El caso de los cum laude es revelador por un motivo: no hay ninguna ley ni ninguna disposición que empuje a los tribunales a otorgar la puntuación máxima con semejante alegría. El testimonio casi unánime en el gremio es que esto se debe a una mentalidad según la cual, si no se otorga la puntuación máxima, se le está haciendo un feo tanto al doctorando como a su director de tesis. Es decir, el criterio generalizado antepone las relaciones personales al buen hacer profesional, en detrimento de la exigencia y la calidad del sistema.
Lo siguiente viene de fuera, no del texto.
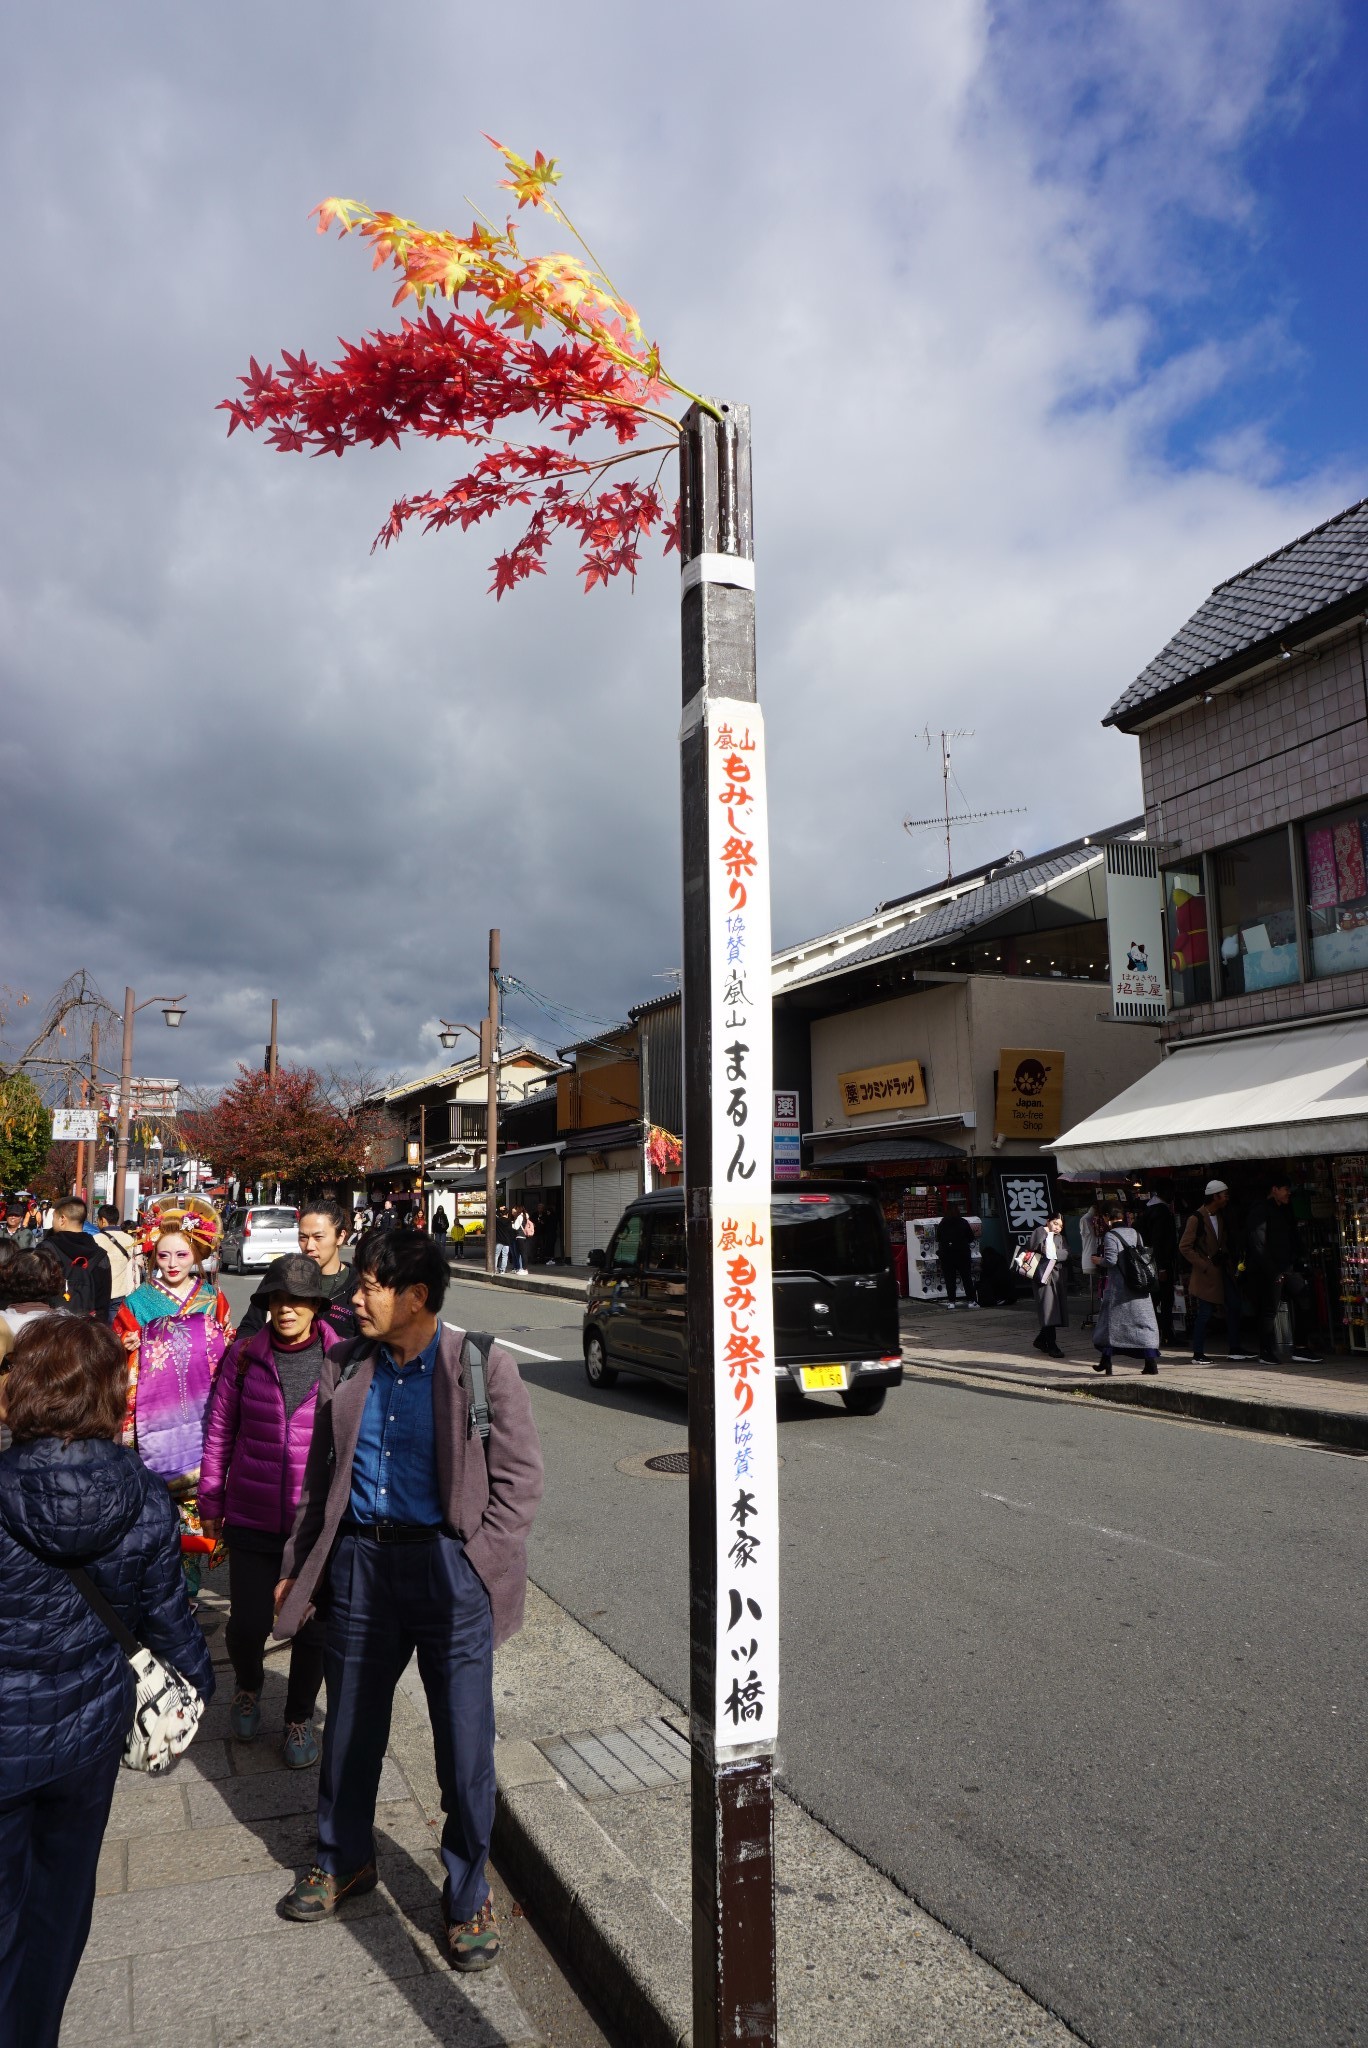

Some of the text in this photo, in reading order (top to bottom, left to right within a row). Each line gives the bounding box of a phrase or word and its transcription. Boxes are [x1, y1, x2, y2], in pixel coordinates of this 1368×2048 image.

[714, 723, 756, 751] 嵐山
[718, 752, 758, 912] もみじ祭り
[725, 915, 746, 965] 協賛
[1117, 982, 1163, 997] 招喜屋
[860, 1075, 915, 1101] コクミンドラッグ
[1016, 1098, 1044, 1109] Japan.
[723, 1039, 757, 1183] まるん
[777, 1096, 795, 1116] 薬
[1012, 1110, 1044, 1120] Tax-free
[1023, 1121, 1043, 1132] Shop
[1006, 1179, 1049, 1228] 薬
[717, 1216, 764, 1251] 嵐山
[722, 1253, 766, 1418] もみじ祭り
[734, 1421, 753, 1480] 協賛
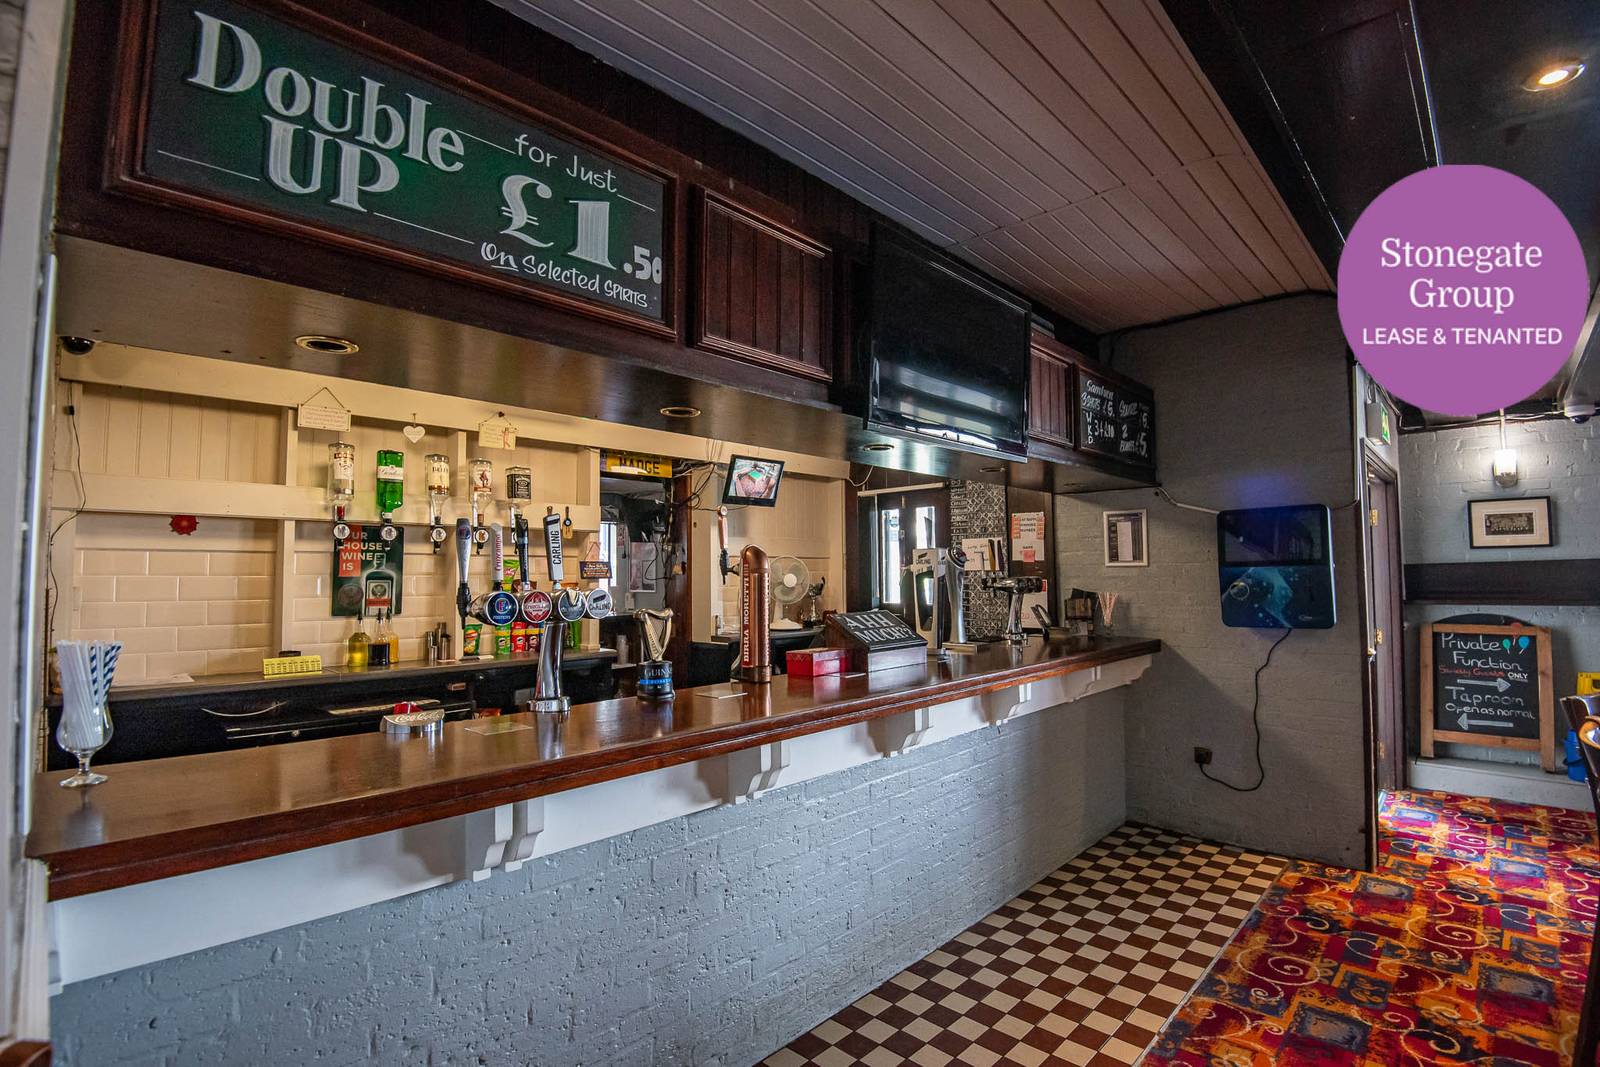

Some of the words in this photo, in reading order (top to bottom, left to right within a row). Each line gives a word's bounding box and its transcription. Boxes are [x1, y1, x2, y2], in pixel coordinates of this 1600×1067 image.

[187, 11, 465, 173] Double
[262, 114, 401, 213] UP
[514, 133, 557, 169] for
[565, 156, 618, 194] Just
[480, 241, 519, 271] On
[521, 254, 600, 294] Selected
[604, 279, 648, 308] SPIRITS
[343, 542, 383, 550] HOUSE
[550, 529, 562, 566] CARLING
[341, 552, 374, 561] WINE
[342, 562, 354, 571] IS
[1441, 633, 1502, 651] Private
[1453, 651, 1523, 671] Function
[1508, 671, 1529, 682] ONLY
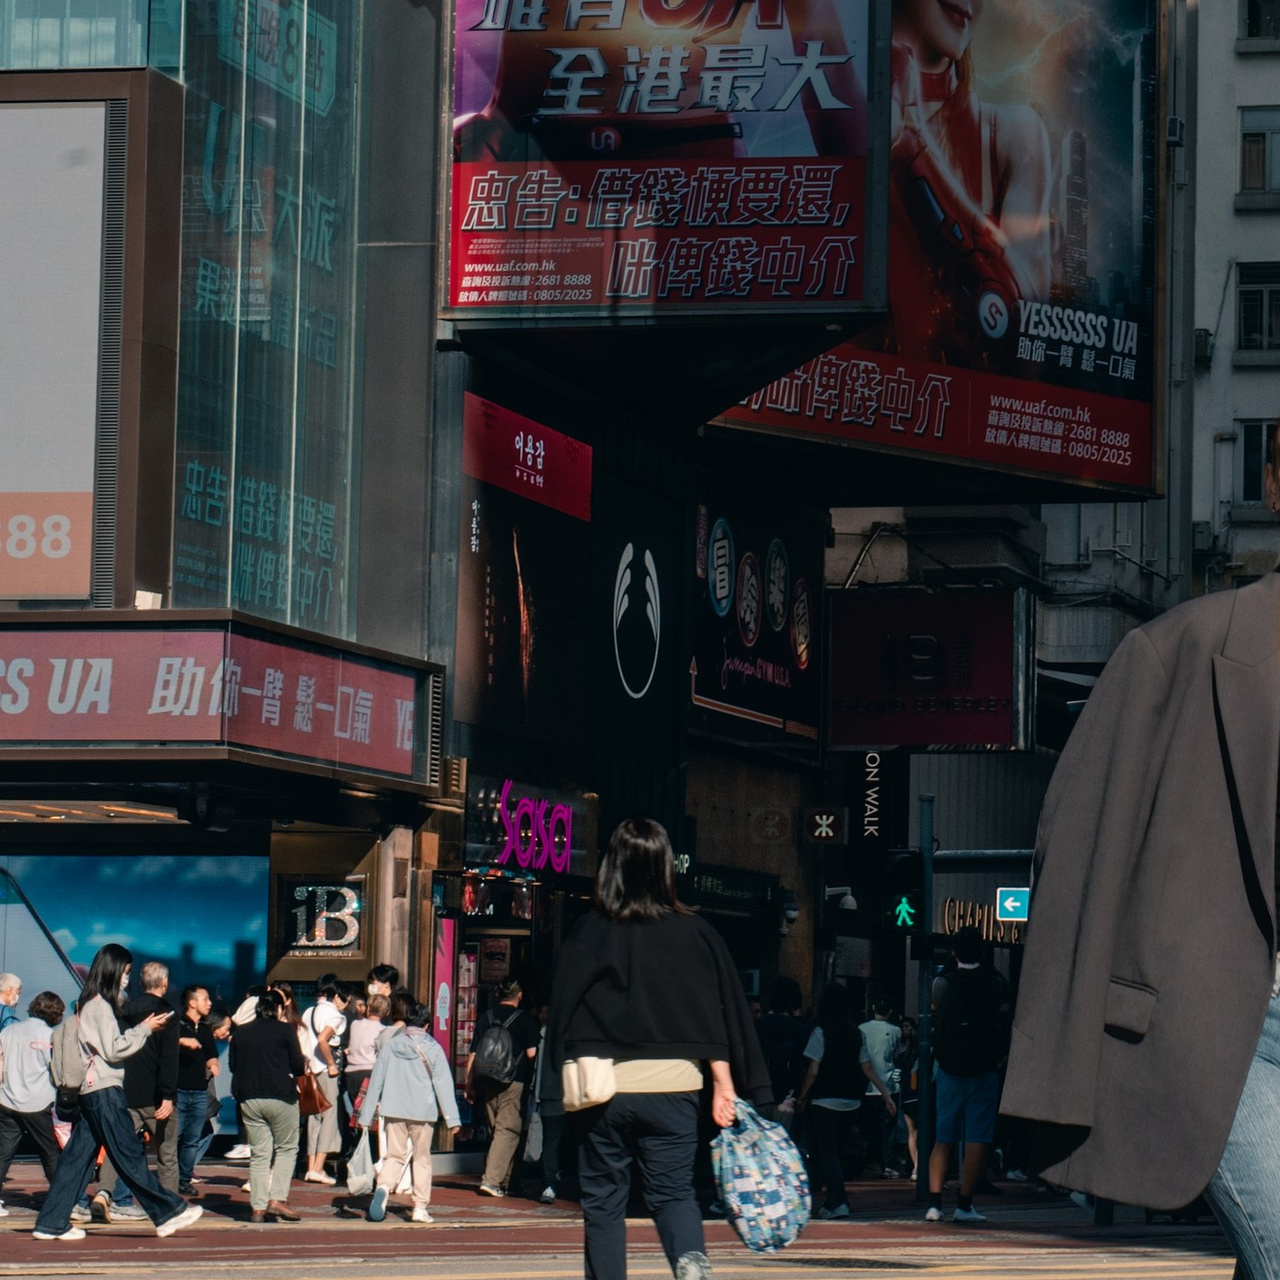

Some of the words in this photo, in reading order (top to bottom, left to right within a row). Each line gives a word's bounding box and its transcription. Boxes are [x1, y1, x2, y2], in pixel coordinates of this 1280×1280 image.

[525, 40, 856, 117] 全港最大
[464, 259, 556, 273] www.uaf.com.hk
[563, 274, 592, 286] 8888
[605, 234, 860, 299] 咪俾錢中介
[1112, 318, 1139, 356] UA
[1016, 336, 1074, 368] 助你一臂
[1080, 348, 1137, 381] 鬆一口氣
[989, 395, 1091, 423] www.uaf.com.hk
[1100, 428, 1130, 448] 8888
[47, 659, 113, 714] UA
[147, 657, 286, 727] 助你一臂
[294, 675, 373, 745] 鬆一口氣
[865, 751, 880, 781] ON
[864, 786, 879, 837] WALK
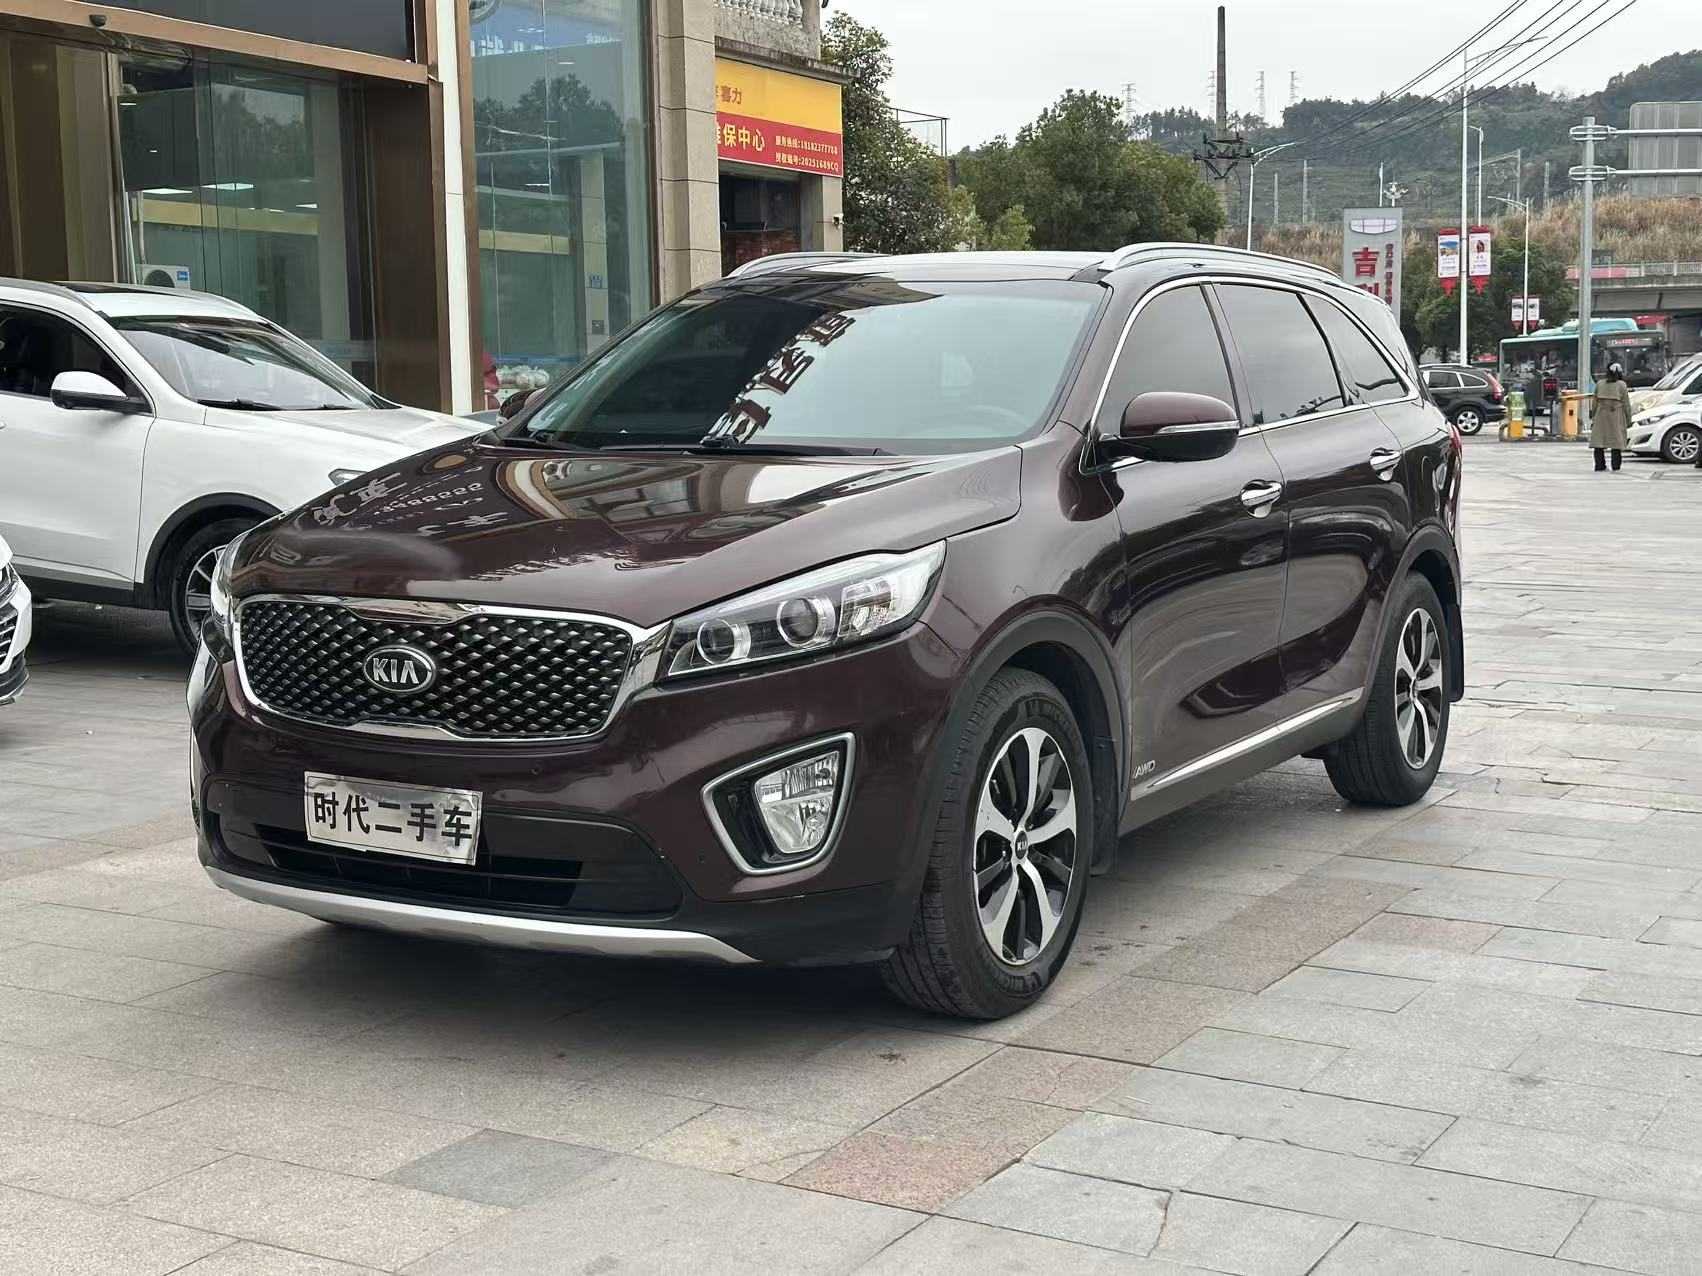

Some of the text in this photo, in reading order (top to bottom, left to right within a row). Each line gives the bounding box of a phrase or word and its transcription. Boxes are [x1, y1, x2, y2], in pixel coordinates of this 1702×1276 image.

[715, 85, 742, 105] 喜力
[372, 657, 420, 684] KIA
[1134, 760, 1156, 779] AWD
[313, 791, 473, 847] 时代二手车
De nuevo, en esto no hay diferencia sustancial entre universidades públicas y privadas, ni entre centros de derechas y de izquierdas, ni entre cualquier otra forma que se nos ocurra de diferenciar entre las 82 universidades de nuestro país. Podemos encontrar todas las excepciones que queramos, tanto a nivel de facultades como de individuos; todos conocemos compañeros escrupulosos, decentes e incluso valientes. Pero si el problema es generalizado, la autocrítica también debe generalizarse.

Cuestiones como esta nos animan a abandonar la idea de que los problemas del sistema universitario español se resolverán a golpe de BOE, ya sea con la creación de nuevos mecanismos reguladores o con algún aumento de la financiación. No hay mecanismo más eficaz para la mejora del sistema que aumentar la autoexigencia interna y ser consecuente con ella. Porque ni todos los problemas vienen del Plan Bolonia, de los recortes o de la burocratización, ni se puede circunscribir la autocrítica a las conversaciones en la cafetería de la facultad. Negarse a ver esto y encerrarse en un corporativismo sistémico solo puede reforzar a quienes ya cuestionan la propia utilidad de una formación universitaria. Ellos, y no los periodistas fiscalizadores, son los bárbaros del otro lado de la empalizada.

Conviene, por tanto, afrontar los escándalos de estos meses como un punto de no retorno. O los casos Cifuentes, Casado, Montón y Sánchez sirven de revulsivo para que el sistema mejore desde dentro, o los recordaremos como la gran oportunidad que se perdió para lograr en España una Universidad mejor.